Parlant de boss, ils sont souvent bien plus durs que par le passé et, Dieu merci, encore plus intéressant! Avec des movesets des plus divers qu'il vous faudra connaître jusqu'au bout des doigts pour esquiver correctement et empocher la victoire! Leur difficulté peut des fois être drastique, cela est sans doute dû au grand nombre d'objets de soin. Ceci dit, battre un boss très dur en utilisant 9 fois l'objet de soin qui rend 250HP ne m'offre que peu de satisfaction. J'irai donc plutôt améliorer mes armes ou m'entrainer... Mais pas trop! Sinon, le boss devient ridiculement facile et n'est même pas drôle. Ces combats épiques sont agrémentés de l'une des musiques des boss les plus réussies de Falcom selon moi! L'OST n'ayant de toute façon pas à rougir devant le reste de la série.

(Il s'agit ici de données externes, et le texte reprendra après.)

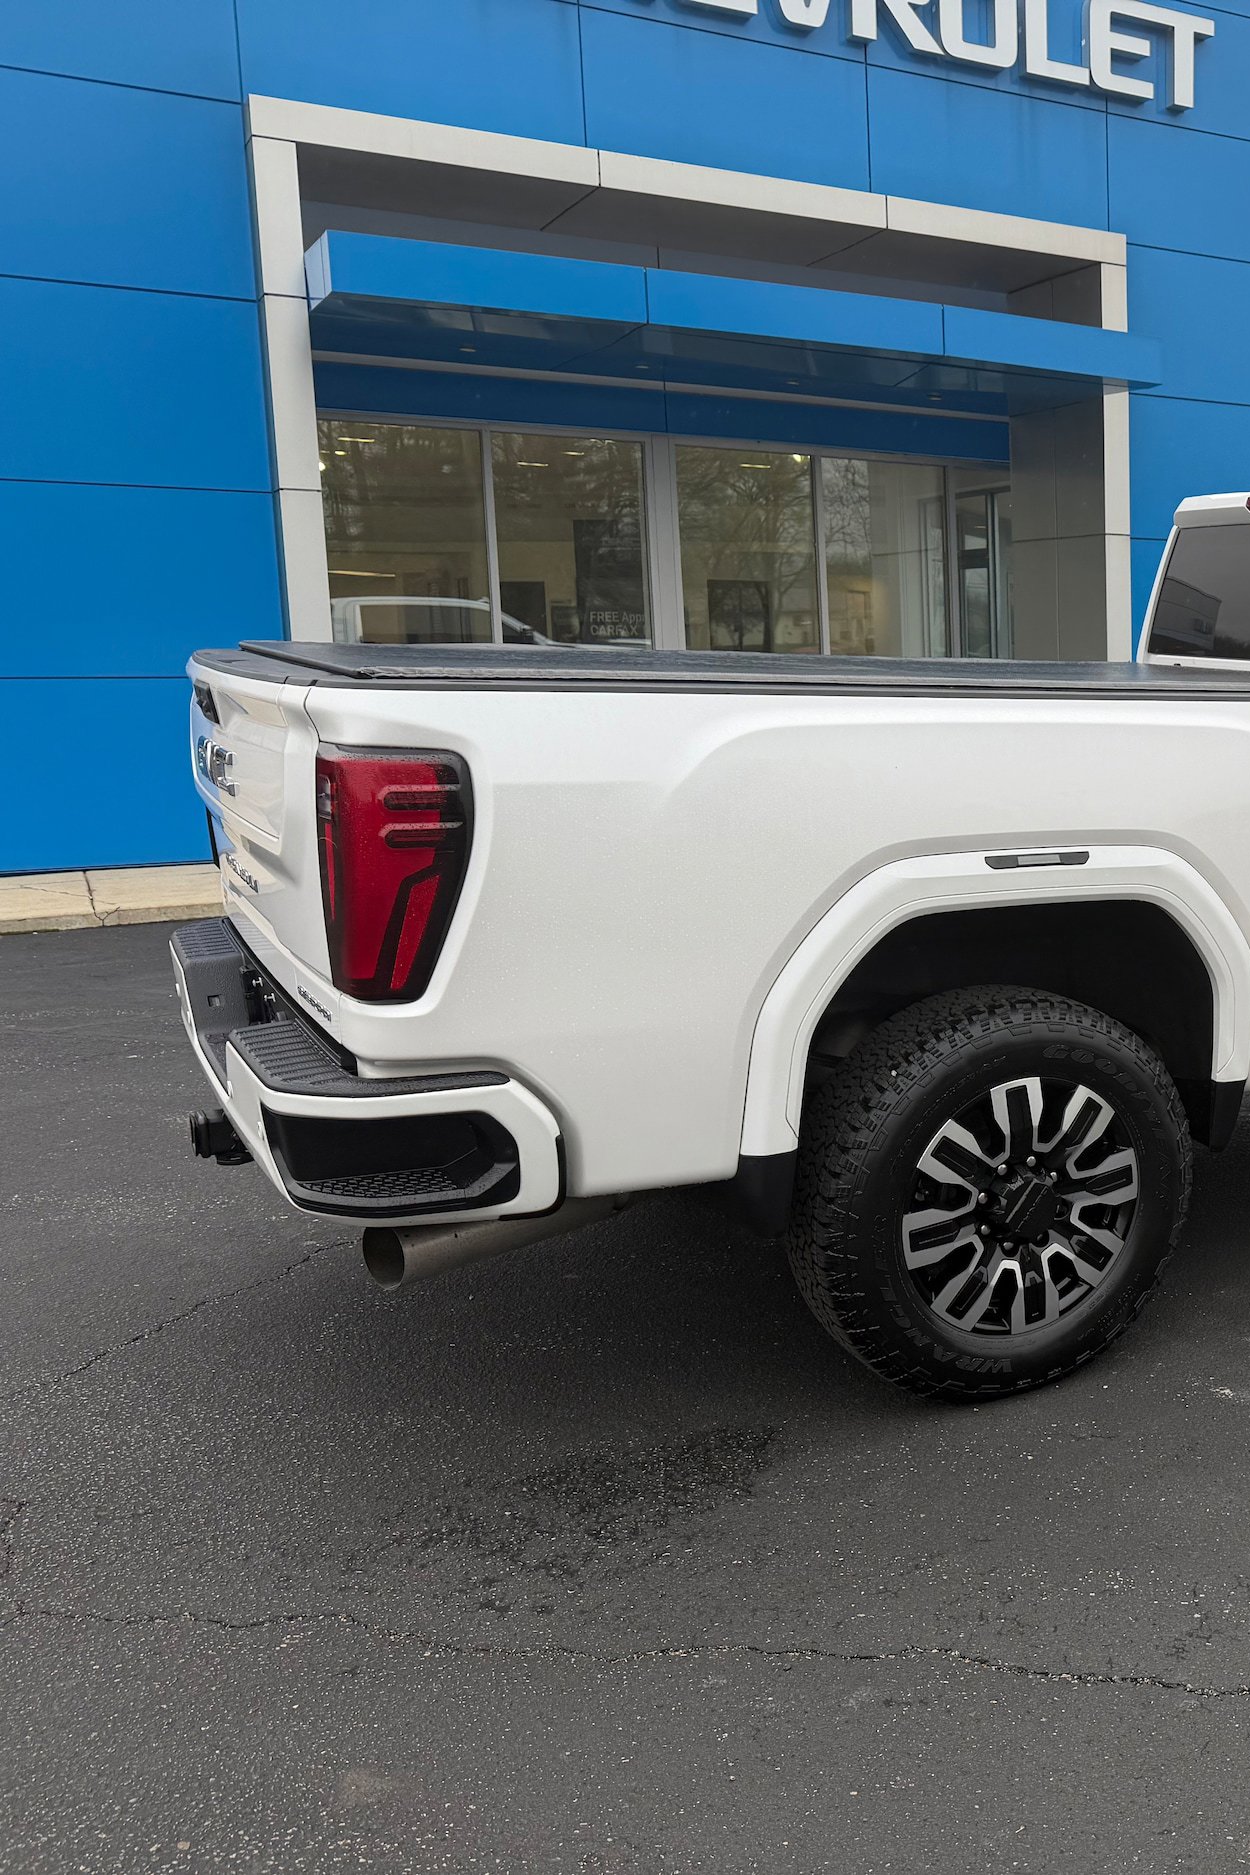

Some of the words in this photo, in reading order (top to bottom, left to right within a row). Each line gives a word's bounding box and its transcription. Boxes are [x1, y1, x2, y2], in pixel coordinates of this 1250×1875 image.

[677, 0, 1214, 113] OLET
[589, 611, 620, 623] FREE
[590, 624, 640, 636] CARFAX

Y'a pas à dire, les boss resteront l'un des plus gros points forts de la série! Celui-là est un des plus réussis à mon sens!



Il y'a des signes qui ne trompent pas!
Quand le boss inflige 50 dégâts au héros par coup et qu'on lui en enlève que 3... C'est que manifestement, va y'avoir du grindage à faire!


Ce problème de balancement de difficulté ne date pas d'hier. Dès les premiers, entre deux ou trois niveaux d'écart, un boss impossible pouvait devenir ridicule. Sauf que maintenant, les boss sont plus intéressants donc le défaut est plus dommageable.

Avec cela, le levelling est bien plus long j'ai trouvé dans cet opus que dans les autres, je me serais limite cru dans Ys IV SNES, c'est dire!

La difficulté variable est selon moi le vrai problème de ce volet. Un exemple marquant est un croisement dans un donjon. Moi j'avais pris à gauche et les ennemis se sont mis à devenir super balèzes d'un coup, et je n'ai pas pu survivre longtemps. Le chemin de droite renfermait des ennemis certes plus forts qu'avant, mais acceptables pour mon niveau à ce moment-là et permettant de s'entrainer pour le moment où j'aurais pris à gauche, plus tard...
Un tel écart de niveau dans le même donjon, j'avais jamais vu ça.

Entre ClassYsisme et ModernYsme

On sent que Falcom a tout de même évolué durant ces 8 années. Des scènes cinématiques pourront, à l'occasion, ponctuer l'aventure de la plus agréable des manières. Les artworks sont par ailleurs extrêmement réussis, permettant de voir le personnage en son entier et non seulement sa bouille comme auparavant.


Modernisation = Scène cinématique. Falcom s'est modernisé = Falcom fait des scènes cinématiques. CQFD.
Sinon, elles sont très agréables même si on sent que le studio n'a pas autant d'argent qu'un Square Enix. (ou qu'ils ont pas envie d'en mettre autant en tout cas...)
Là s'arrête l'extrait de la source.